● **WORK INSTRUCTION**
Every record is to be printed exactly as written, and any picture in it is skipped.

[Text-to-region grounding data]

********************

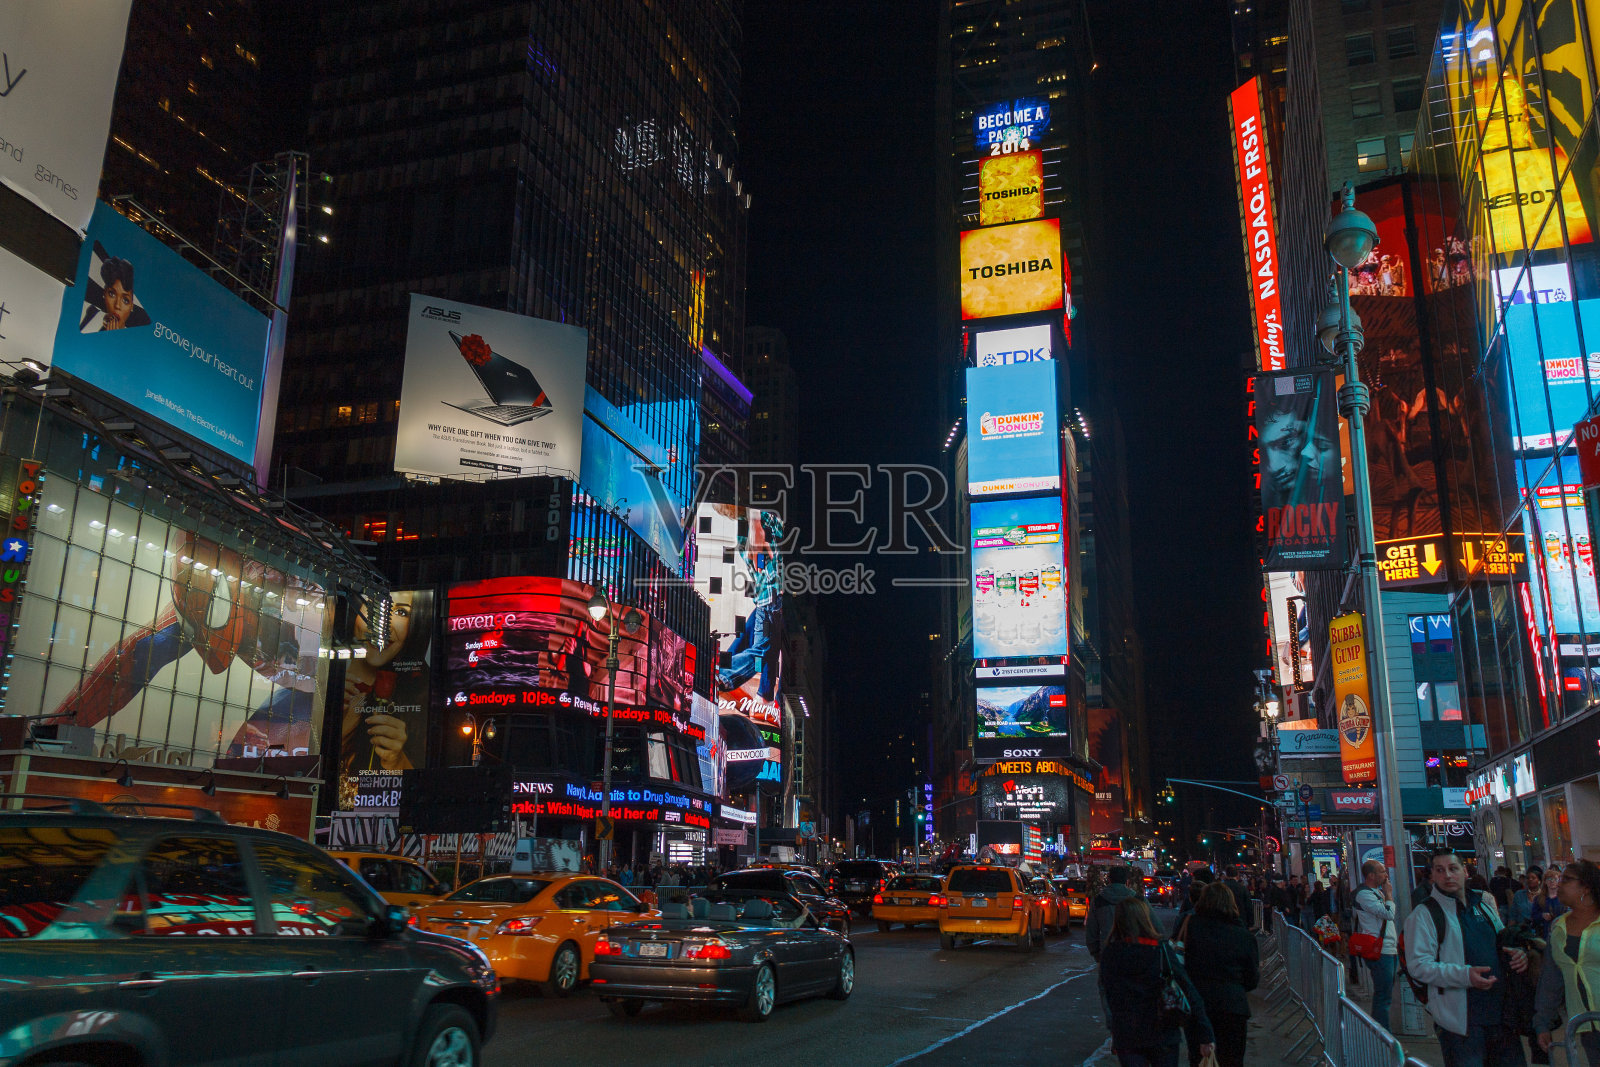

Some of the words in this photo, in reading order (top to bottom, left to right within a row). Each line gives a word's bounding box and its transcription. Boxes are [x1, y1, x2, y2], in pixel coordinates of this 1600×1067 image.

[979, 109, 1032, 130] BECOME
[1035, 106, 1044, 121] A
[990, 137, 1030, 156] 2014
[1240, 115, 1261, 180] FRSH
[34, 164, 79, 201] games
[984, 185, 1040, 202] TOSHIBA
[1250, 182, 1276, 300] NASDAQ:
[969, 258, 1054, 280] TOSHIBA
[422, 306, 462, 320] ASUS
[154, 322, 190, 352] groove
[189, 343, 213, 364] your
[213, 354, 238, 381] heart
[238, 373, 254, 391] out
[997, 347, 1044, 367] TDK
[997, 413, 1044, 425] DUNKIN'
[997, 421, 1041, 433] DONUTS
[428, 423, 441, 432] WHY
[442, 425, 456, 434] GIVE
[457, 428, 469, 436] ONE
[470, 430, 483, 438] GIFT
[484, 432, 501, 441] WHEN
[502, 435, 513, 443] YOU
[515, 437, 526, 445] CAN
[527, 439, 540, 447] GIVE
[541, 441, 556, 450] TWO?
[1581, 424, 1599, 441] NO
[982, 483, 1016, 492] DUNKIN'
[1017, 480, 1050, 490] DONUTS
[546, 477, 560, 542] 1500
[1267, 501, 1339, 539] ROCKY
[1268, 537, 1337, 547] BROADWAY
[1386, 544, 1417, 560] GET
[1384, 568, 1420, 582] HERE
[451, 613, 517, 639] revenge
[1330, 623, 1362, 646] BUBBA
[465, 641, 483, 650] Sundays
[1334, 644, 1361, 665] GUMP
[1336, 673, 1365, 685] COMPANY
[1338, 666, 1361, 677] SHRIMP
[354, 702, 422, 714] BACHELORETTE
[455, 691, 467, 703] abc
[469, 691, 516, 706] Sundays
[559, 692, 572, 704] abc
[602, 707, 650, 722] Sndays
[1003, 749, 1042, 758] SONY
[996, 761, 1032, 774] TWEETS
[1342, 761, 1375, 772] RESTAURANT
[373, 776, 391, 788] HOT
[1348, 771, 1371, 780] MARKET
[519, 782, 554, 794] NEWS
[627, 789, 641, 801] to
[643, 789, 664, 806] Drug
[547, 801, 572, 815] Wish
[623, 807, 646, 820] her
[646, 808, 659, 821] off

********************

● **ANSWER BOX**
Some of the words in this photo, in reading order (top to bottom, left to right within a row). Each line gives a word's bounding box and its transcription. Boxes are [x1, y1, x2, y2], in pixel coordinates of this 1600×1067 image.

[979, 109, 1032, 130] BECOME
[1035, 106, 1044, 121] A
[990, 137, 1030, 156] 2014
[1240, 115, 1261, 180] FRSH
[34, 164, 79, 201] games
[984, 185, 1040, 202] TOSHIBA
[1250, 182, 1276, 300] NASDAQ:
[969, 258, 1054, 280] TOSHIBA
[422, 306, 462, 320] ASUS
[154, 322, 190, 352] groove
[189, 343, 213, 364] your
[213, 354, 238, 381] heart
[238, 373, 254, 391] out
[997, 347, 1044, 367] TDK
[997, 413, 1044, 425] DUNKIN'
[997, 421, 1041, 433] DONUTS
[428, 423, 441, 432] WHY
[442, 425, 456, 434] GIVE
[457, 428, 469, 436] ONE
[470, 430, 483, 438] GIFT
[484, 432, 501, 441] WHEN
[502, 435, 513, 443] YOU
[515, 437, 526, 445] CAN
[527, 439, 540, 447] GIVE
[541, 441, 556, 450] TWO?
[1581, 424, 1599, 441] NO
[982, 483, 1016, 492] DUNKIN'
[1017, 480, 1050, 490] DONUTS
[546, 477, 560, 542] 1500
[1267, 501, 1339, 539] ROCKY
[1268, 537, 1337, 547] BROADWAY
[1386, 544, 1417, 560] GET
[1384, 568, 1420, 582] HERE
[451, 613, 517, 639] revenge
[1330, 623, 1362, 646] BUBBA
[465, 641, 483, 650] Sundays
[1334, 644, 1361, 665] GUMP
[1336, 673, 1365, 685] COMPANY
[1338, 666, 1361, 677] SHRIMP
[354, 702, 422, 714] BACHELORETTE
[455, 691, 467, 703] abc
[469, 691, 516, 706] Sundays
[559, 692, 572, 704] abc
[602, 707, 650, 722] Sndays
[1003, 749, 1042, 758] SONY
[996, 761, 1032, 774] TWEETS
[1342, 761, 1375, 772] RESTAURANT
[373, 776, 391, 788] HOT
[1348, 771, 1371, 780] MARKET
[519, 782, 554, 794] NEWS
[627, 789, 641, 801] to
[643, 789, 664, 806] Drug
[547, 801, 572, 815] Wish
[623, 807, 646, 820] her
[646, 808, 659, 821] off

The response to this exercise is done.